A reliable clip is one that does not allow connection or disconnection by accident, instead requiring specific action by the operator to clip or unclip. Unreliable clips may cause loss of equipment or entanglement. Bolt snaps and screw-gate carabiners are examples of clips with a reputation for reliability. The carabiners are more secure, and may be load rated, but are less convenient to operate. Carabiners are approved for attaching the umbilical to a surface supplied diver's harness.
There are usually several attachment points provided on the diving harness or buoyancy compensator for securing accessories and additional diving cylinders. On technical harnesses these are often in the form of stainless steel D-rings or sliders with integral rings, and may be adjustable for position. Plastic D-rings are common on bulk-produced recreational buoyancy compensators, and are usually in fixed positions, held on by bar-tacked webbing straps or tabs, and are not replaceable. Professional harness is usually required to have at least one attachment point capable of lifting the diver out of the water. Attachment rings that are free to swing are less prone to snagging on the surroundings in tight spaces but are more difficult to clip onto one-handed when out of view.

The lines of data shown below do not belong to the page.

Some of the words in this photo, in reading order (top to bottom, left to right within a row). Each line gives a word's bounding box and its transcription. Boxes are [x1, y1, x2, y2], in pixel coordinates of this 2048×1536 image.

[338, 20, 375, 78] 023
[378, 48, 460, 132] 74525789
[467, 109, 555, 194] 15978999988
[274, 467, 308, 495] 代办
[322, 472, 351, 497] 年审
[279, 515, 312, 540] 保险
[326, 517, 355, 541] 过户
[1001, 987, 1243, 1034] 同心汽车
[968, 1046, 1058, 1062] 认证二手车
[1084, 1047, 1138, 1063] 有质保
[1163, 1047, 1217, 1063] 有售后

== Diver propulsion vehicles ==
A diver propulsion vehicle (DPV) is a powered device with an integral thruster used by scuba divers to increase their range underwater. Range is restricted by the amount of breathing gas that can be carried, the rate at which that breathing gas is consumed, and the power endurance and speed of the DPV. Time limits imposed on the diver by decompression requirements may also limit safe range in practice. DPVs have recreational, scientific and military applications. They have been produced in a range of configurations from small, easily portable scooter units with a small range and low speed, to faired or enclosed units capable of carrying several divers longer distances at higher speeds.

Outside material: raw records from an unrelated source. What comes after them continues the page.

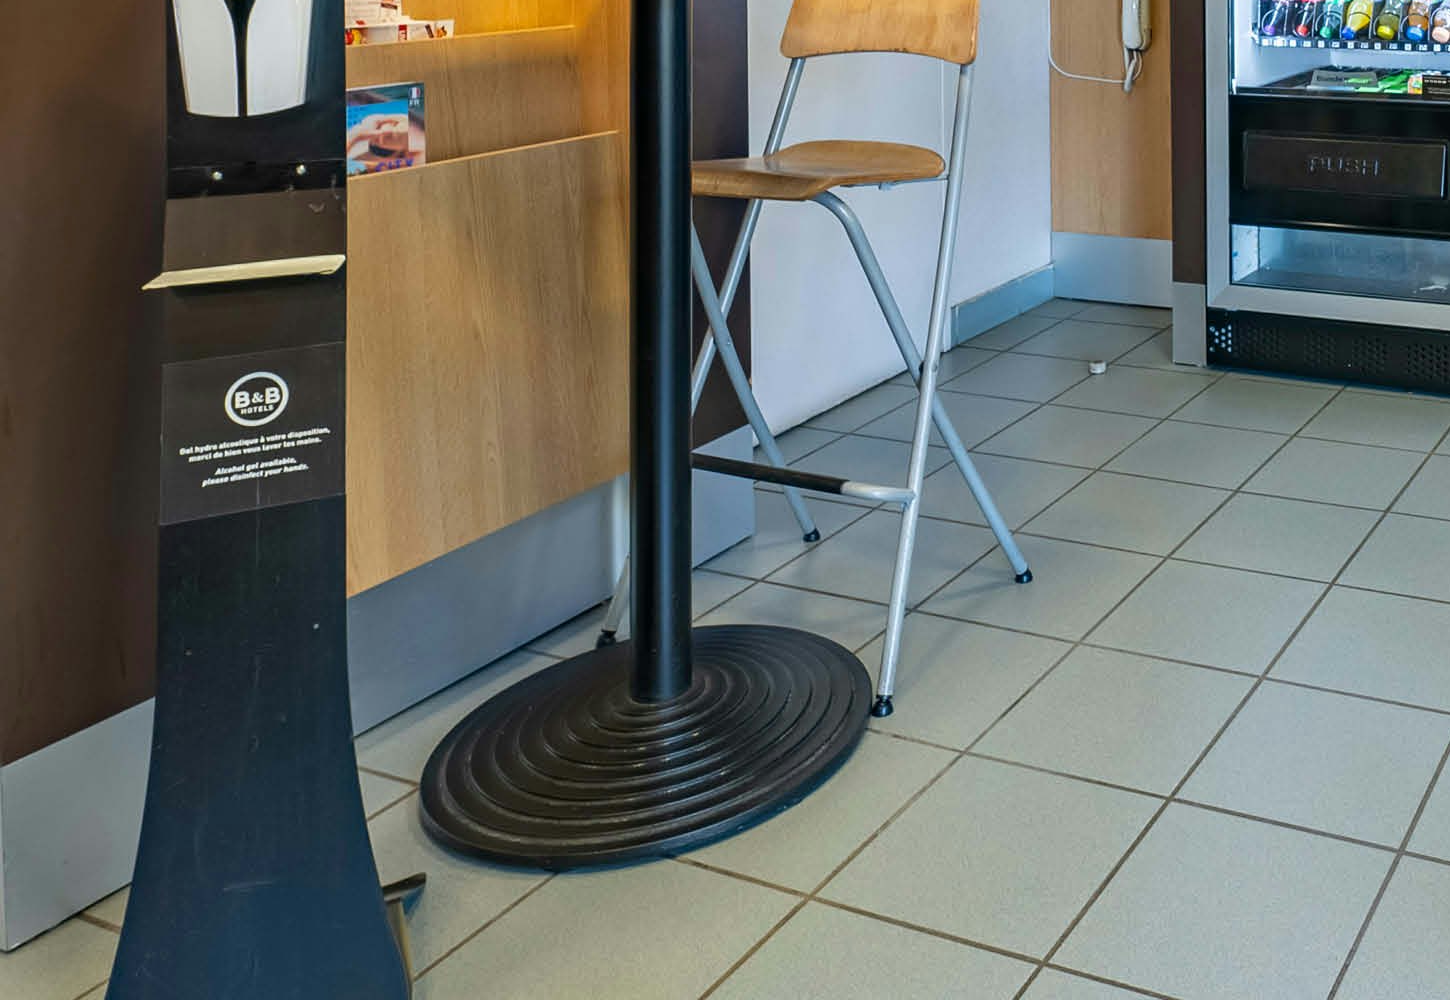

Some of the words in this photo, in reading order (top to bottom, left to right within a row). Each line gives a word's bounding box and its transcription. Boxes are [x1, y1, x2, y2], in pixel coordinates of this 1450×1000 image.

[1307, 156, 1380, 177] PUSH
[234, 386, 281, 409] B&B
[240, 404, 275, 415] HOTELS
[188, 453, 212, 463] merci
[213, 451, 223, 459] de
[224, 448, 242, 457] bien
[243, 446, 261, 454] vous
[262, 442, 282, 452] laver
[283, 440, 295, 448] les
[194, 444, 218, 455] hydro
[260, 435, 265, 443] à
[266, 432, 287, 443] votre
[201, 476, 229, 488] please
[230, 470, 264, 482] disinfect
[264, 467, 283, 478] your
[283, 463, 310, 473] hands.
[214, 464, 245, 476] Alcohol
[246, 462, 259, 471] gel
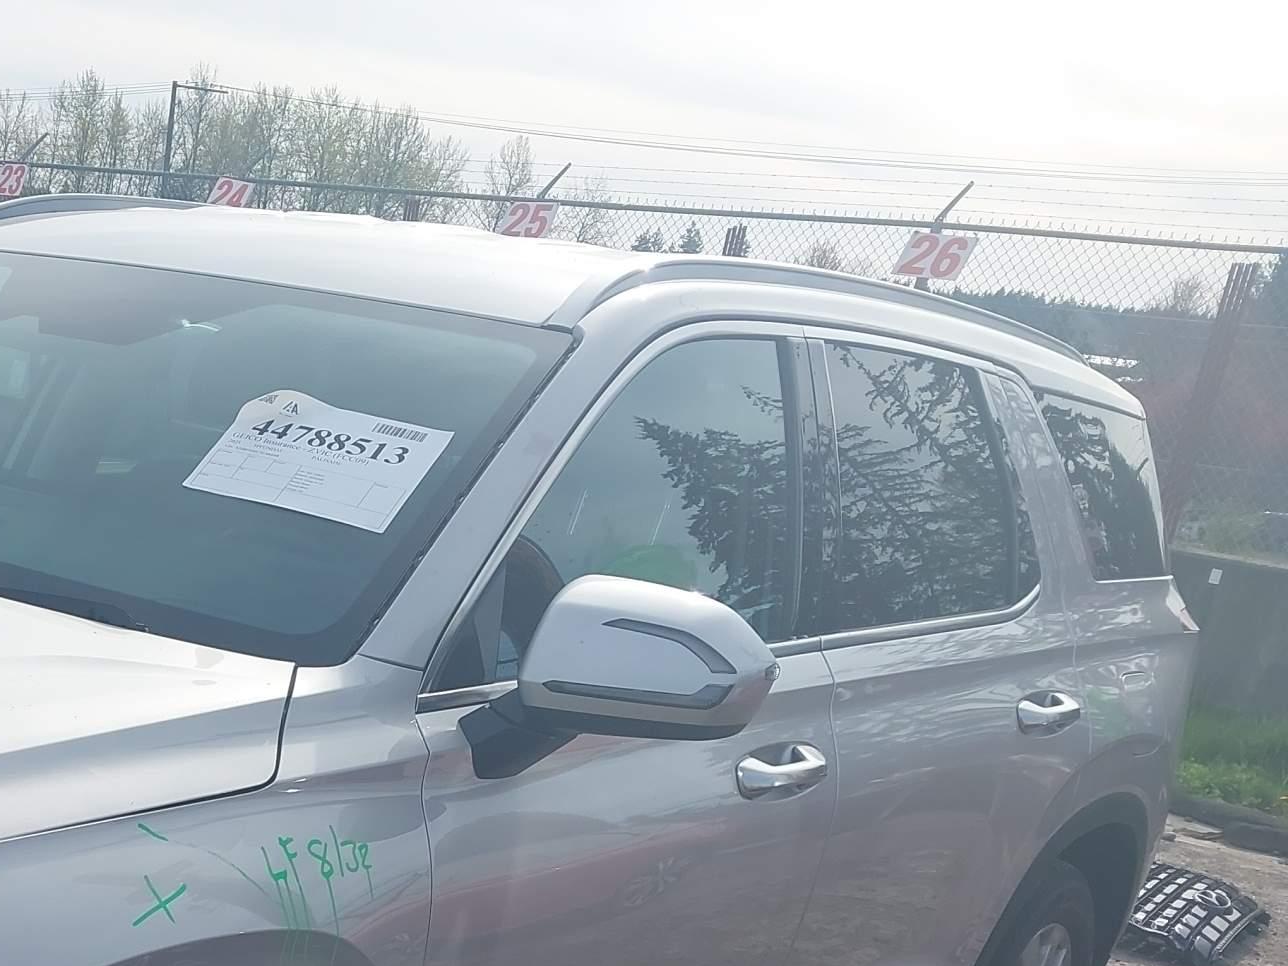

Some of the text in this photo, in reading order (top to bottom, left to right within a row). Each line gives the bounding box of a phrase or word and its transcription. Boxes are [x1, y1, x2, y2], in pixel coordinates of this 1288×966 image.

[213, 179, 249, 206] 24
[501, 203, 554, 238] 25
[899, 235, 968, 277] 26
[232, 431, 263, 443] GEICO
[252, 419, 410, 465] 44788513

The most efficient position for towing behind is when the wake of the thruster bypasses the diver. This is usually achieved by using a tow leash from the DPV to a D-ring on the lower front of the diver's harness. The diver also holds a handle on top of the DPV with a dead-man switch that turns off power to the DPV as soon as the diver lets go of the handle. The DPV is commonly steered by one hand, leaving the other hand free for other tasks. This requires good static and dynamic balance of the DPV and diver to avoid excessive diver fatigue. Lights, cameras, navigation, and other instruments may be mounted on a DPV for convenience, but the diver should also carry backups for essential instruments in case the DPV must be abandoned in an emergency. Control of the DPV is additional task loading and can distract the diver. A DPV can increase the risk of a silt-out if the thrust is allowed to wash over the bottom.

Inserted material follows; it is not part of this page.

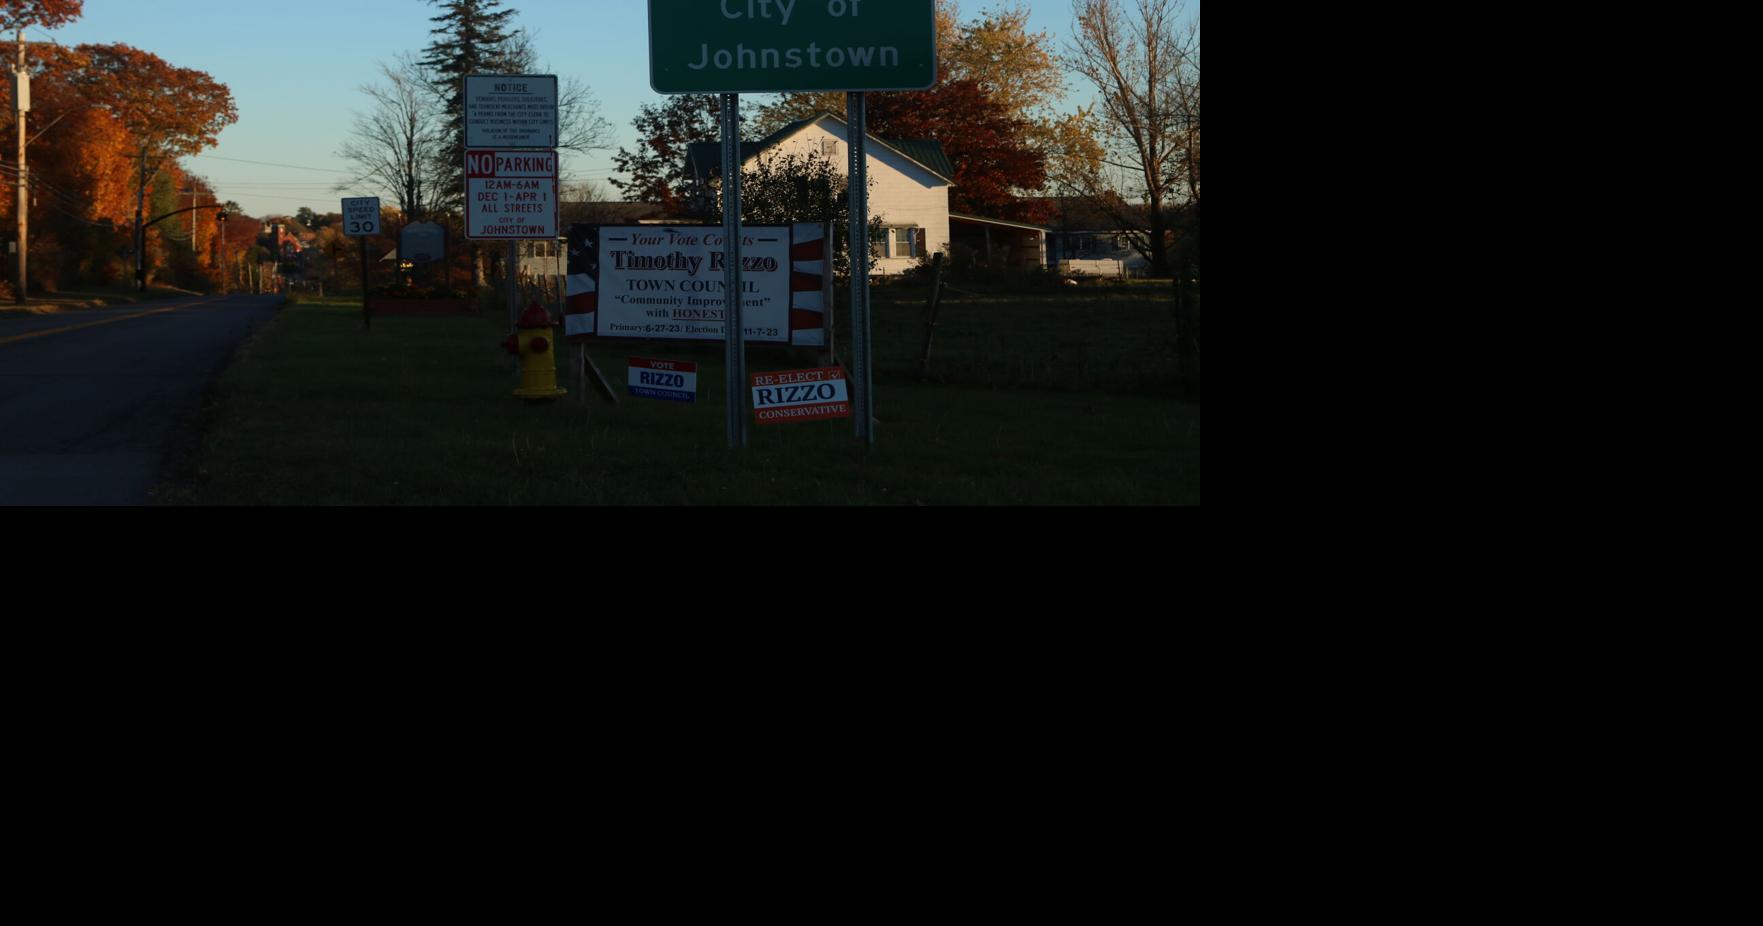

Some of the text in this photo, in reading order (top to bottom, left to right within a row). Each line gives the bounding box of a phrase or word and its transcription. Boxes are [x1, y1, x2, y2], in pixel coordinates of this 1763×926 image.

DPV operation requires greater situational awareness than simply swimming, as some changes can happen much faster. Operating a DPV requires simultaneous depth control, buoyancy adjustment, monitoring of breathing gas, and navigation. Buoyancy control is vital for diver safety. The DPV has the capacity to dynamically compensate for poor buoyancy control by thrust vectoring while moving, but once it stops the diver may turn out to be dangerously positively or negatively buoyant if adjustments were not made to suit the changes in depth while moving. If the diver does not control the DPV properly, a rapid ascent or descent under power can result in barotrauma or decompression sickness.
== Cameras ==
Underwater cameras are usually popular models encased in a watertight pressure housing. There are a few notable exceptions, such as the Nikonos and Sea & Sea ranges, in which the camera body was the pressure housing. Controls are generally operated by movable links penetrating the watertight case, each requiring reliable seals because they represent a possible leak. Compact and lightweight camera bodies with multiple controls packed into a small space tend to transform into bulky, heavy and expensive units when housed for moderately deep diving. The camera's controls must be operable using thick gloves in cold water. For most underwater photography, a camera that is close to neutral buoyancy will be easier to handle and have less disruptive effect on diver trim. Strobe arms incorporating incompressible buoyancy compartments are the preferred system, as they do not need to be adjusted for changes of depth.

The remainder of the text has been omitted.